Spring evening
- Medium:
- Mokuhanga (Japanese woodblock)
- Image courtesy of
- Saru Gallery

Spring evening presents a bijin-ga set within the soft, lengthening light of a vernal dusk, the kind of liminal hour Iwata returned to repeatedly in his illustrative work. The composition likely centers on a single female figure rendered with the elongated proportions and graceful neckline characteristic of Iwata's mature style, her kimono patterned with seasonal motifs such as cherry or wisteria. Night scenes in this idiom typically depend on graduated bokashi printing across the upper register to suggest deepening sky, while reserved areas of the washi paper carry the figure's pale skin without competing with surrounding tonalities. The mokuhanga technique here would call for restrained block use, the carver translating Iwata's confident line into key-block contours that retain the elegance of his original brushwork.

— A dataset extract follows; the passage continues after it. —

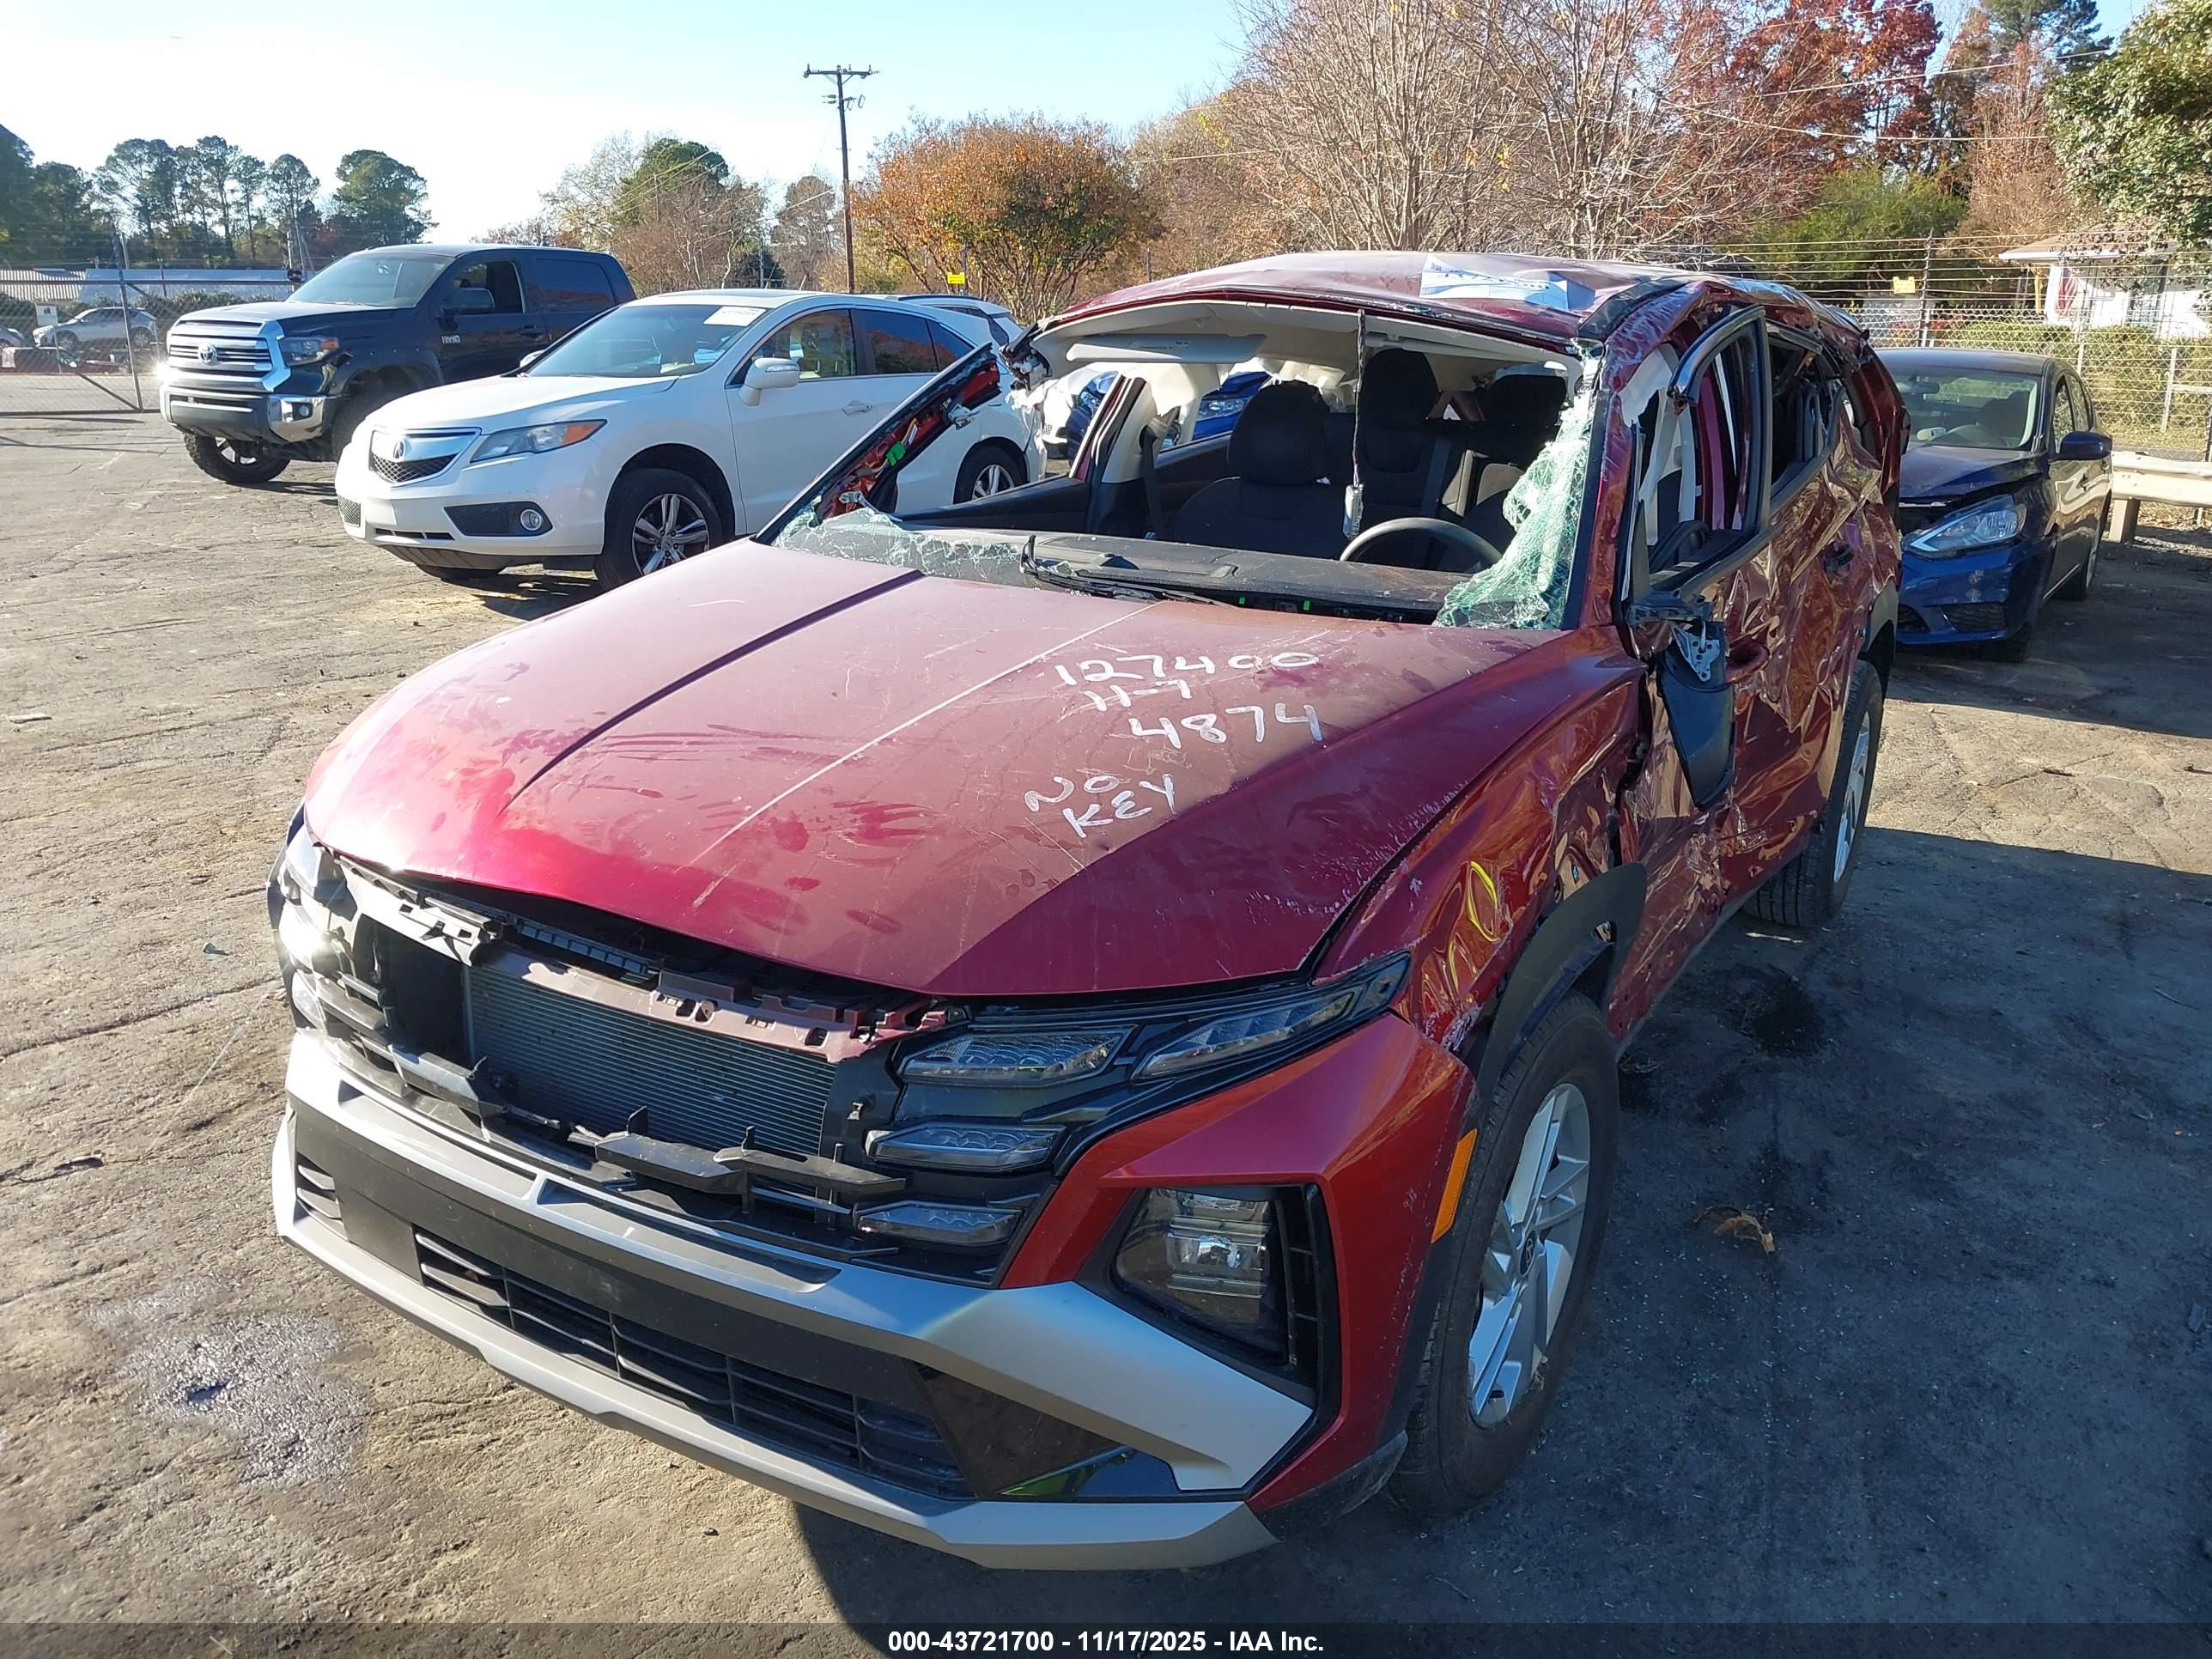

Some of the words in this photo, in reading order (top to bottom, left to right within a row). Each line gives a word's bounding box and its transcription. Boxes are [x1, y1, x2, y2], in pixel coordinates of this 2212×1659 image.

[1054, 652, 1320, 685] 127400
[1128, 702, 1323, 749] 4874
[1062, 773, 1177, 838] KEY

Within Iwata's broader output, Spring evening sits alongside the seasonal bijin-ga that occupied his attention from the postwar period onward, when his magazine reputation was redirected into limited woodblock editions intended for connoisseurs of the genre.
Curated cross-cuts that include this print.
Spring evening was created by Sentaro Iwata (岩田専太郎).
Spring evening depicts spring and night scenes.